Het is al een hele tijd geleden, maar de moeder van Sandra, Tiny Joosten, kan zich nog als de dag van gisteren de opening van het gezinshuis in Mombasa herinneren. Ze kijkt bijzonder tevreden terug op de reis die ze samen met haar dochter mocht maken, toen de feestelijke opening een feit was. Haar vielen vooral de verschillen met onze cultuur en maatschappij op. Een verslag over haar reis leest u hier.
“Ik kijk terug op een indrukwekkende reis, waarin vooral de cultuur en de fijne en dankbare mensen me zijn bijgebleven. We logeerden in een hotel in Mombasa en elke dag werden we door Paul en Rhoda opgehaald om naar het huis te gaan. De kinderen hadden toen net een week hun intrek in het huis genomen, maar het is ongelooflijk hoe ze al als een grote familie met elkaar omgingen. Een aantal kinderen kenden elkaar al, maar niet allemaal. De grote kinderen ontfermden zich al heel liefdevol over de kleintjes. Ze moesten nog ontzettend improviseren, maar het maakte hen niets uit. Eten zonder tafel en in plaats daarvan gezellig met zijn allen op een doek op de grond. Het was een oogopener: wat voor ons normaal is, is daar toch wel bijzonder.
Wat ook heel leuk was om te zien, was hoe de mama op een vuurpotje in de keuken het eten klaar maakte en dat de kinderen netjes met hun bordje in de rij gingen staan en op hun beurt wachtten.

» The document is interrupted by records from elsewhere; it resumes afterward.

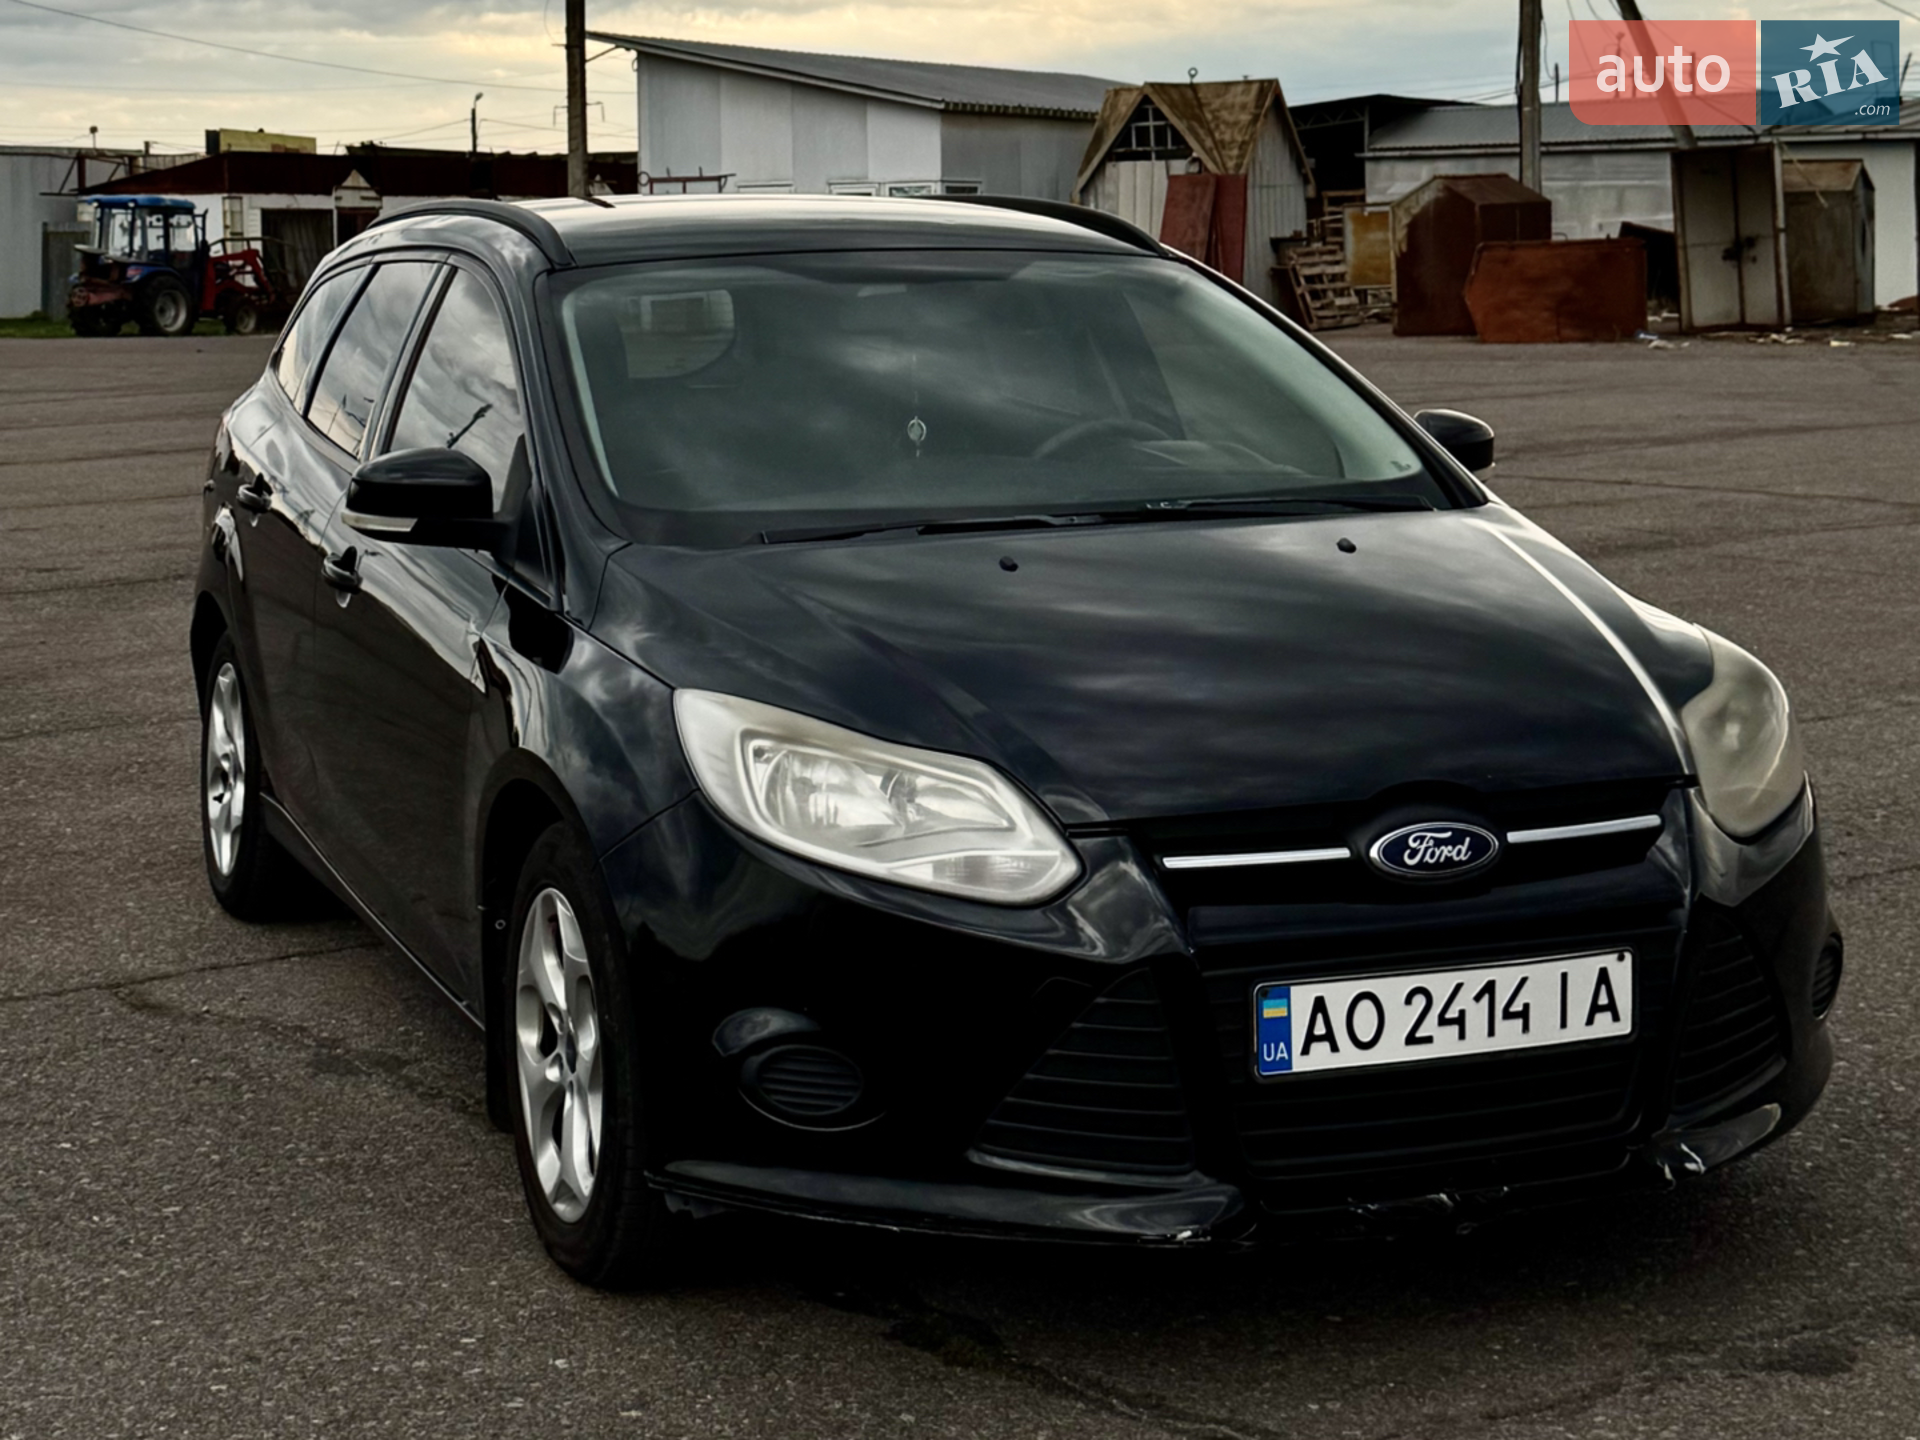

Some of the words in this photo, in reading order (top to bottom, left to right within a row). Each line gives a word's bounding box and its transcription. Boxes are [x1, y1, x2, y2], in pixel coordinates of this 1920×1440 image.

[1403, 831, 1472, 866] Ford
[1300, 990, 1386, 1056] AO
[1402, 976, 1531, 1046] 2414
[1558, 966, 1621, 1029] IA
[1262, 1042, 1289, 1062] UA

En zo zijn er meer dingen die me zijn bijgebleven. We gingen naar een markt om tweedehands kleding voor de kinderen te kopen. Ze hadden nl. nog bijna niets. Dus toen we thuis kwamen met grote vuilniszakken vol kleding straalden hun oogjes. Sandra ging samen met Rhoda de kleren verdelen en ze hielden de kleren vast alsof ze die nooit meer los wilden laten. Helemaal voor hen alleen!

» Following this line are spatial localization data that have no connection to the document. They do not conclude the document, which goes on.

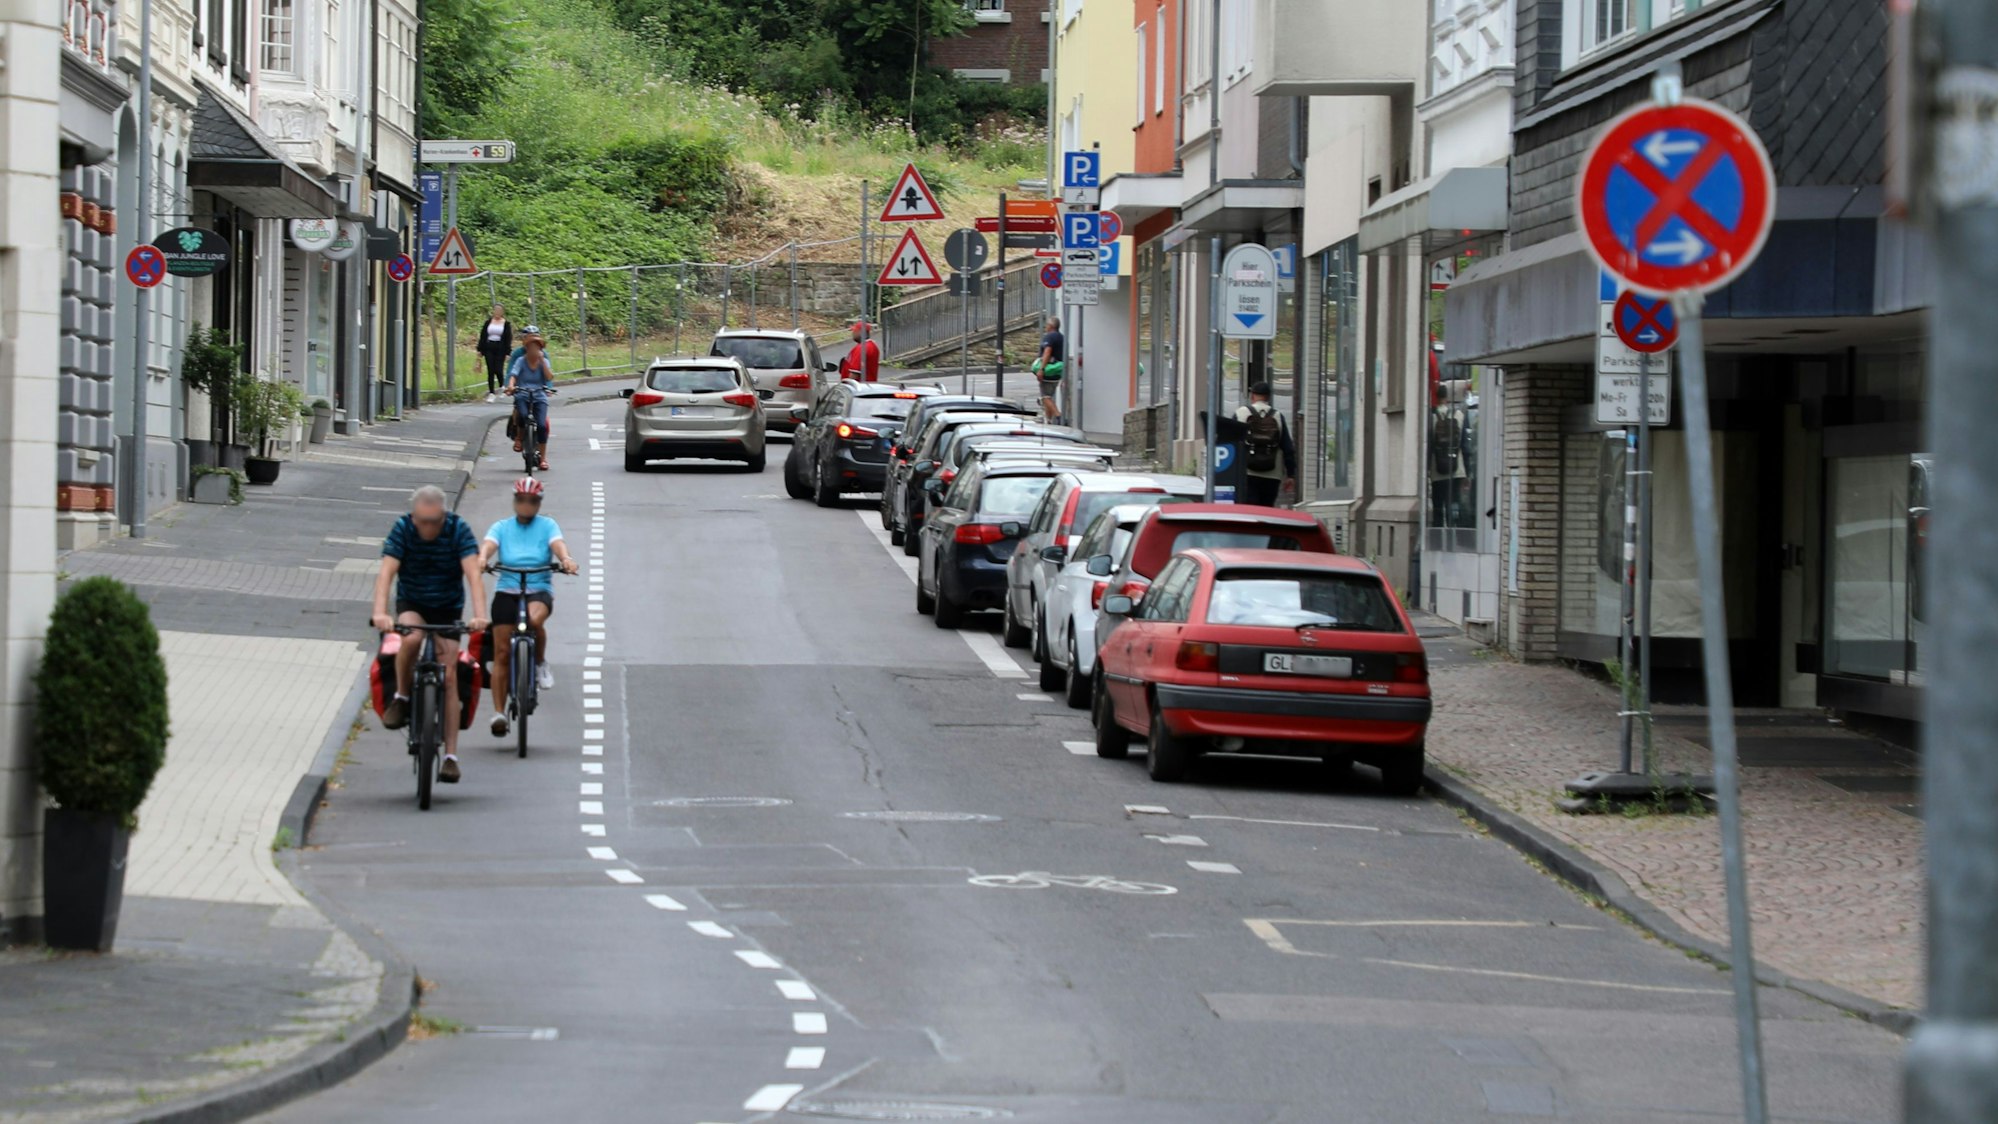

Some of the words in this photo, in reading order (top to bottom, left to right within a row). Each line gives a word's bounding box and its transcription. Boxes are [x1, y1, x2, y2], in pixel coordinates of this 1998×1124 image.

[490, 146, 505, 157] 59
[1072, 156, 1092, 184] P
[1072, 217, 1092, 245] P
[180, 252, 206, 260] JUNGLE
[1228, 278, 1272, 287] Parkschein
[1603, 356, 1665, 367] Parkscein
[1613, 376, 1655, 387] werkts
[1600, 391, 1627, 403] Mo-Fr
[1616, 406, 1627, 417] Sa
[1215, 446, 1229, 467] P
[1270, 655, 1289, 672] GL

Een ander bijzonder feit was dat enkele kinderen helemaal niet in het stapelbed durfden, omdat ze bang waren eruit te vallen. Ze waren gewend om op een kleedje of matje op de grond te slapen. Of ballonnen, dat kenden ze ook niet. De grootste pret hadden ze ermee! Het is hier allemaal anders. Dat wat onze kinderen nodig hebben, dat krijgen ze over het algemeen gewoon. Daar is alles speciaal en absoluut niet vanzelfsprekend. De dankbaarheid en liefde die die kinderen uitstraalden was overweldigend om te ervaren.
Ik zou willen dat ik nog een keer naar Mombasa kon gaan, maar dat zit er helaas niet meer in. Gelukkig heb ik al deze mooie herinneringen, die ik samen met mijn dochter mocht beleven. Ondertussen blijven we Zena sponseren, want dat vind ik heel belangrijk. Het is toch uiteindelijk de bedoeling dat deze kinderen ook zelf stappen kunnen zetten in de wereld.”